Global life insurers have adapted to persistent low interest rates better than expected by exchanging sales of interest-sensitive products for fee-based retirement, savings and health products, says the report titled "Life Insurance -- Global 2019 Outlook: Stable -- reflecting favourable economic cycle and strong capital".
"Rising interest rates in some regions, such as the US and Canada, have been positive credit drivers," said Manoj Jethani, a Moody's vice president. "However, there is marginal re-risking of investment portfolios, with a gradual move towards lower quality and less liquid assets, such as private credit and alternatives."

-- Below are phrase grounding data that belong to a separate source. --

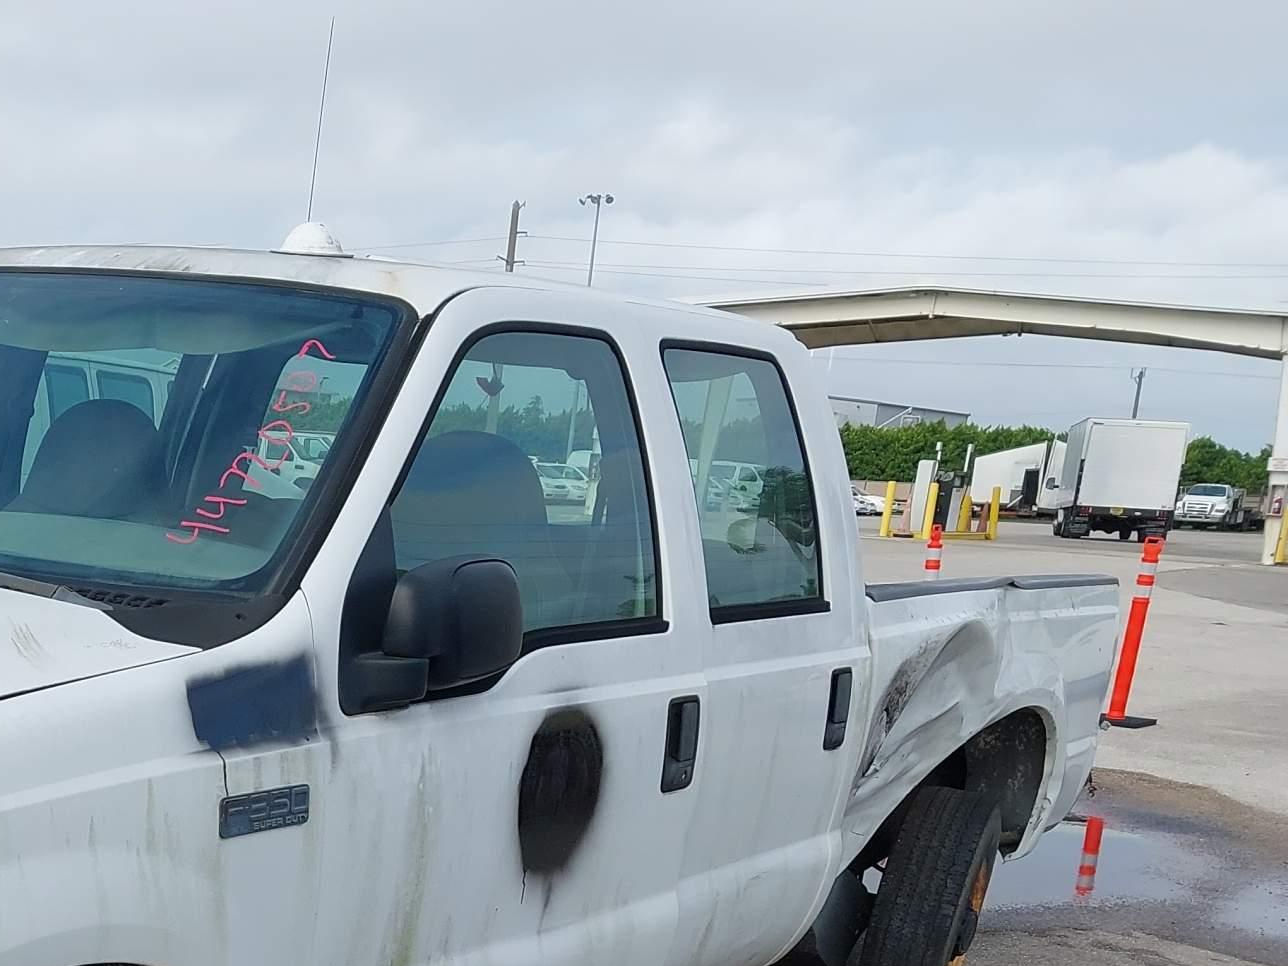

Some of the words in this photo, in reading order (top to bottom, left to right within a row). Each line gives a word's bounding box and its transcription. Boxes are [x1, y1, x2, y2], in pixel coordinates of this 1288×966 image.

[166, 339, 336, 544] 44720507
[253, 817, 284, 831] SUPER
[285, 813, 308, 825] DUTY
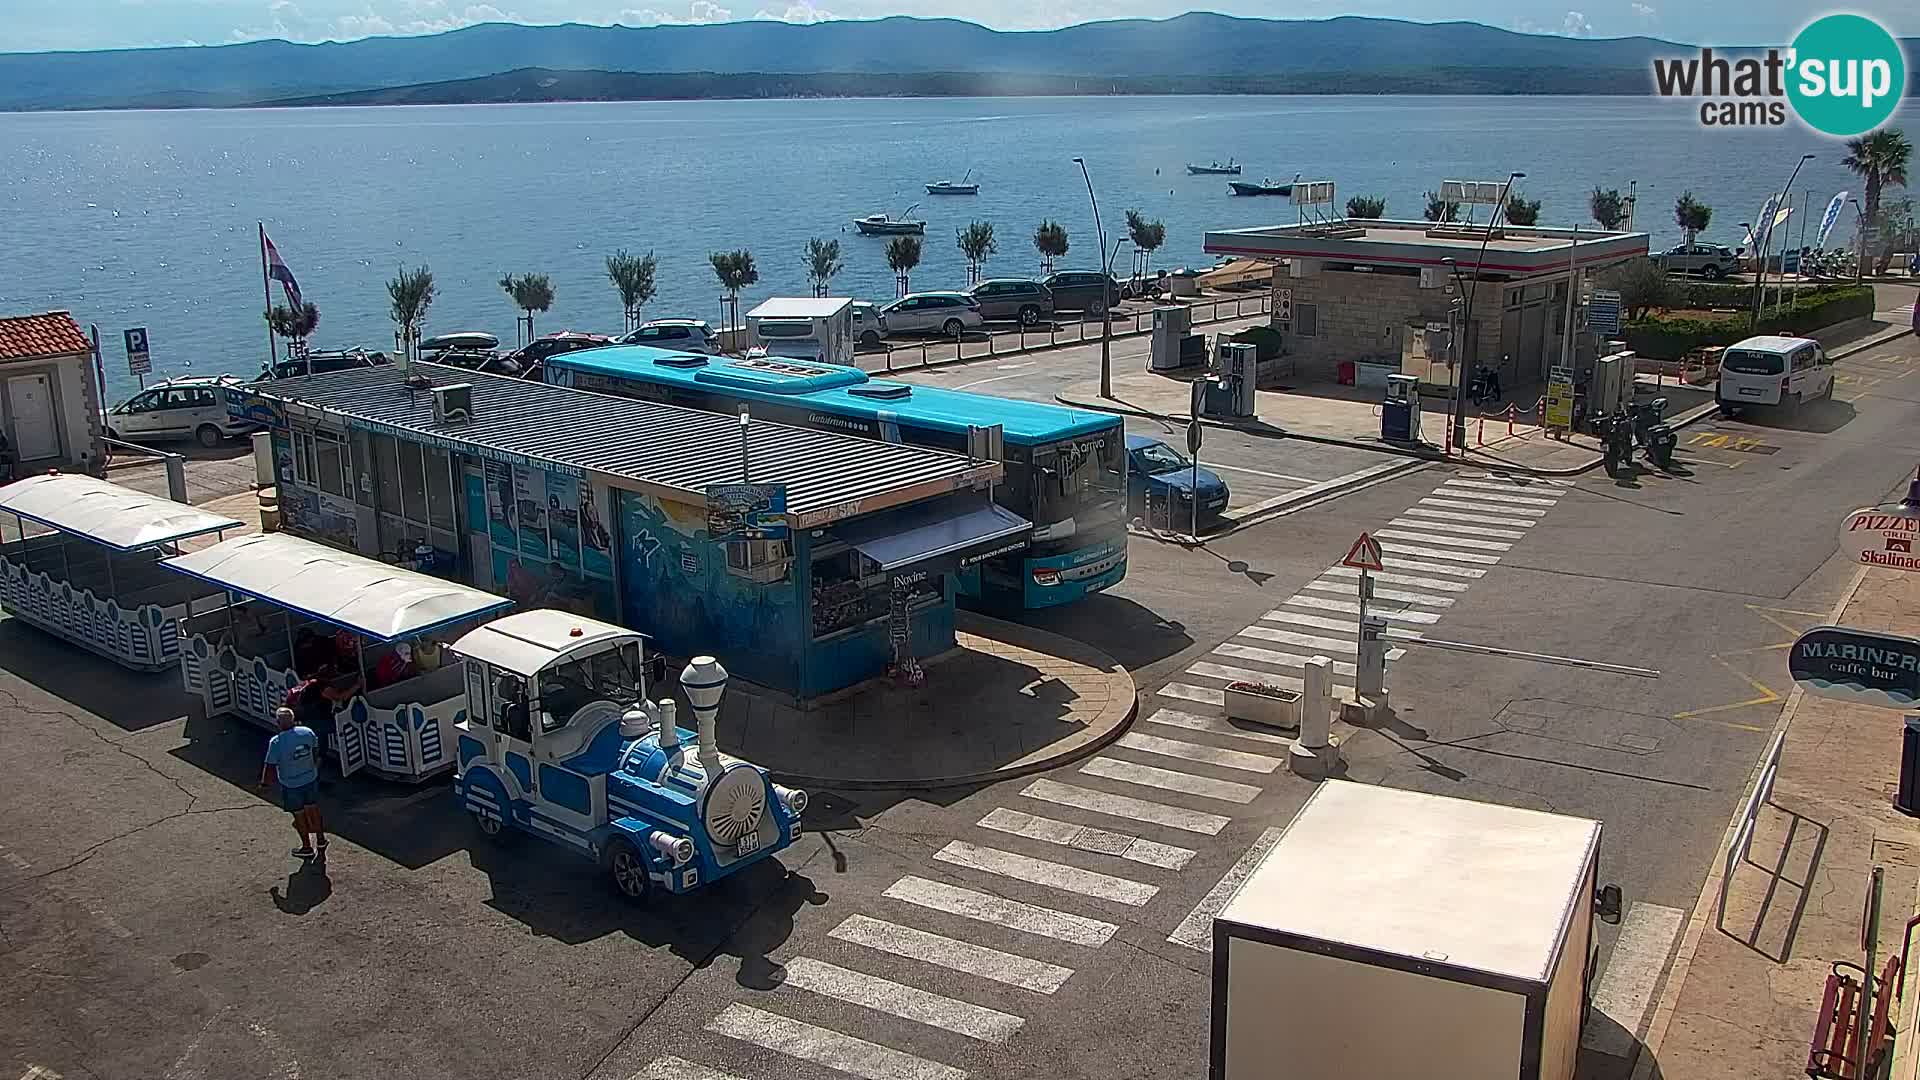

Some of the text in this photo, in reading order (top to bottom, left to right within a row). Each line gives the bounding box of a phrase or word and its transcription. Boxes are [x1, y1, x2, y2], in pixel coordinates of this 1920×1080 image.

[130, 332, 142, 350] P
[436, 439, 468, 453] POSTAJA
[478, 446, 493, 459] BUS
[494, 449, 526, 466] STATION
[529, 457, 556, 473] TICKET
[555, 460, 583, 478] OFFICE
[1849, 516, 1920, 534] PIZZE
[1829, 661, 1899, 681] caffe bar
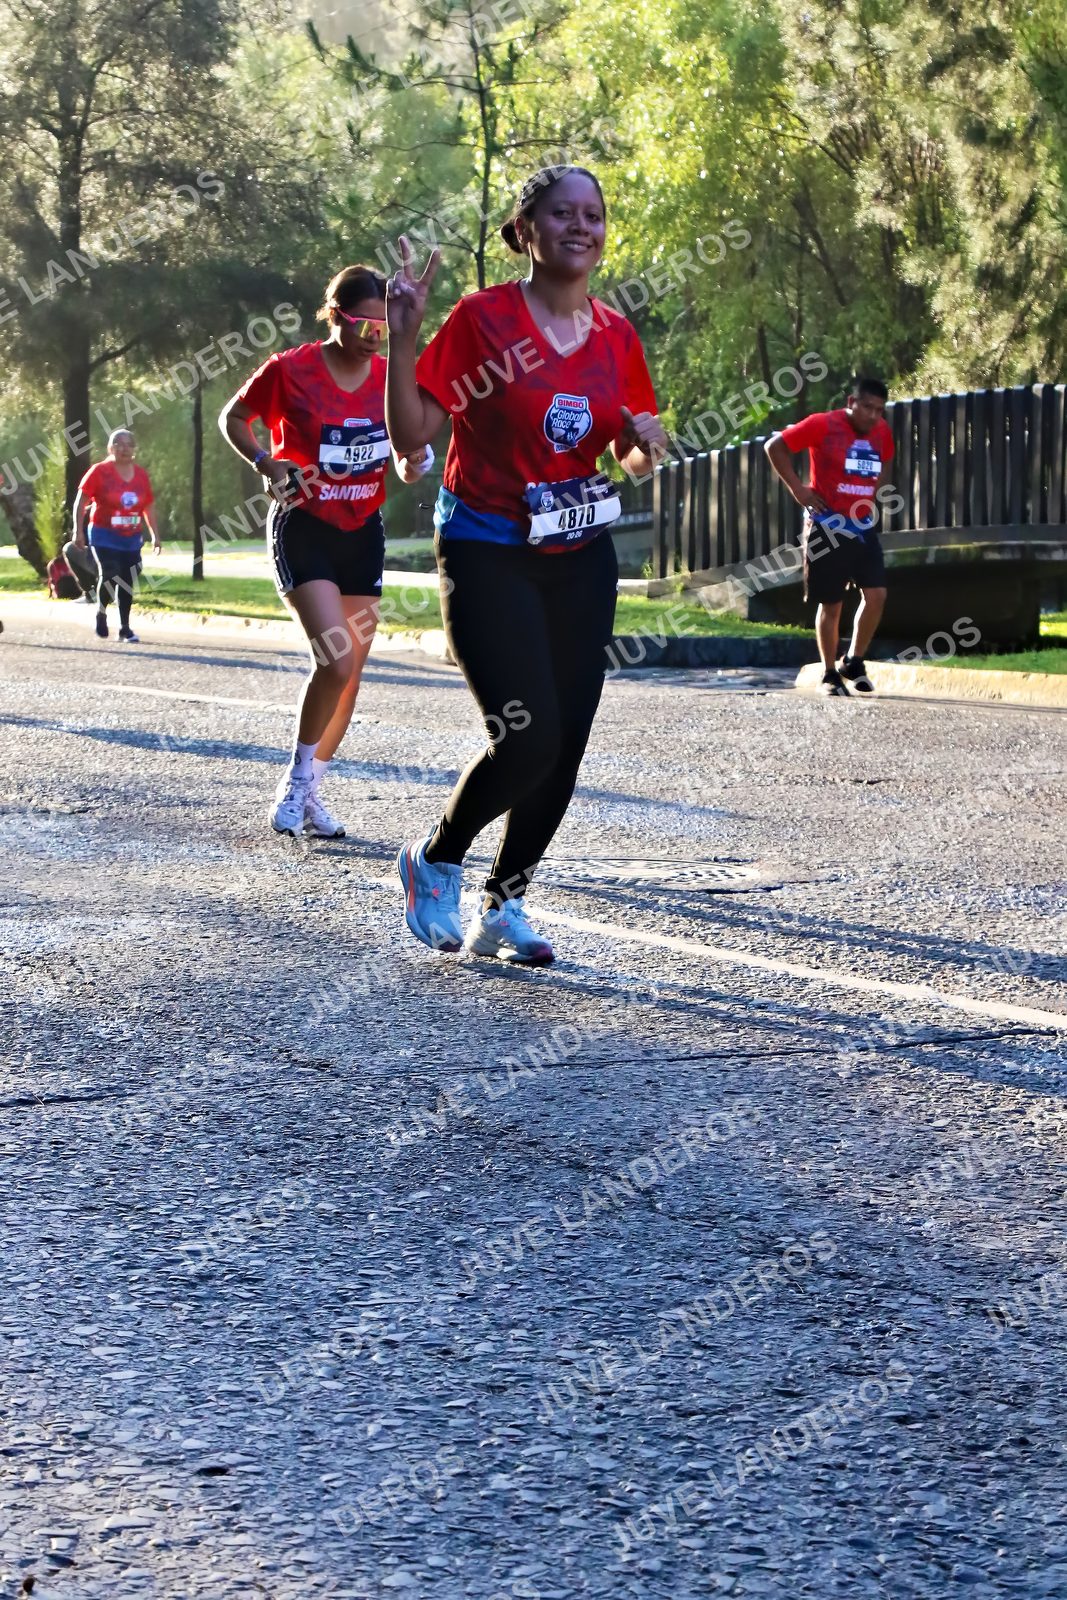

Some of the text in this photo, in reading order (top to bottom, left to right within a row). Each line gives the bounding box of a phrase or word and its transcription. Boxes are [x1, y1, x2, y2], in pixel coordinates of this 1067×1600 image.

Overall, the balance sheets of global life insurance companies are healthy and capital levels are expected to remain robust in 2019, although some challenges lie ahead. Specifically, RBC ratios are expected to decline in the US due to the impact of tax reform, although this should not affect the credit profile or ratings in the region. UK and Japanese capitalisation is expected to remain solid, although any financial market volatility in the UK as a result of Brexit remains an area of focus.
In China, the capitalisation of life insurers remain solid, while the refinement of C-ROSS will be beneficial for the insurance industry.
Moody's outlooks consider the forward-looking assessment of fundamental credit conditions that will affect the creditworthiness of the sector for the next 12-18 months.
The report highlights the following key themes for the global life sector:
- Continued favourable global economic growth should fuel more demand for life insurance products over the next 12-18 months
- Interest rates will likely rise gradually, but will still weigh on life insurers’ profits; However, most are adapting through changes to product mix, but some regions, e.g. in Germany, will face solvency pressures
- Emphasis on risk management and rising equity markets have buoyed legacy blocks of business. Expect to see even more M&A activity in 2019.
- Asset risk is rising, with increasing exposure to late-cycle corporate debt risk and illiquid investments, such as alternatives and private credit
- Regulatory trends are mixed and create uncertainty, but are still manageable
- Technology and innovation is enabling insurers to reduce costs and improve efficiency while deepening customer relationships.